Announcing the Astra DB Haystack Integration

Learn how to use the new Astra DB integrations for Haystack 2.0 in your RAG pipelines.

The Haystack extension family is growing so fast, it’s hard to keep up! Our latest addition is the Astra DB extension by Datastax. It’s an open source package that helps you use Astra DB as a vector database for your Haystack pipelines.

Let’s learn about the benefits of Astra DB and how to use it with Haystack.

Benefits of Astra DB

DataStax Astra DB is a serverless vector database built on Apache Cassandra. What makes Astra DB special?

  • Interoperability with Cassandra’s open source ecosystem and tooling.
  • Astra DB supports a variety of different embedding models. One Astra database instance can have multiple collections with different vector sizes. This makes it easy to test different embedding models and find the best one for your use case.
  • It’s serverless. What does that mean for a database? You don’t have to manage individual instances, or deal with cumbersome upgrading or scaling. All of that is taken care of for you behind the scenes.
  • Enterprise scalability. Astra DB can be deployed across the major cloud providers (AWS, GCP, or Azure) and across multiple regions depending on your needs.
  • At the time of this writing, there’s a free tier available so you can try it without a credit card.
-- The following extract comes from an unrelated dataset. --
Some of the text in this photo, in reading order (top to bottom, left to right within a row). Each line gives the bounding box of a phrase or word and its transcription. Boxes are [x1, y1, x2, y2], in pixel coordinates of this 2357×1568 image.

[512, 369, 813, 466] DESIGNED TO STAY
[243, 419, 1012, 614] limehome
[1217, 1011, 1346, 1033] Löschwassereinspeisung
Create your Astra DB database

To ensure these instructions remain up to date, we’re going to point you to the Astra DB docs to explain how to create a database.

  1. Create a free Astra DB database. Make a note of your credentials - you’ll need your database ID, application token, keyspace, and database region to use the Haystack extension.
  2. Choose the number of dimensions that matches the embedding model you plan on using. For this example we’ll use a 384-dimension model, sentence-transformers/all-MiniLM-L6-v2.
  3. Create a collection with the same number of dimensions as your embedding model. Save the name of your collection since you’ll need this as well.

Get started with the Astra DB Haystack Integration

First, install the integration:

pip install astra-haystack sentence-transformers

Remember earlier when I mentioned you were going to need your credentials? I hope you saved them. If not, that’s okay, you can go back to the Astra Portal and grab them.

Note: if you were running this code in production, you’d want to save these as environment variables to keep things nice and secure.

from getpass import getpass

OPENAI_API_KEY = getpass("Enter your openAI key:")
ASTRA_DB_ID = getpass("Enter your Astra database ID:")
ASTRA_DB_APPLICATION_TOKEN = getpass("Enter your Astra application token (e.g.AstraCS:xxx ):")
ASTRA_DB_REGION = getpass("Enter your AstraDB Region: ")
ASTRA_DB_COLLECTION_NAME = getpass("enter your Astra collection name:")
ASTRA_DB_KEYSPACE_NAME = getpass("Enter your Astra keyspace name:")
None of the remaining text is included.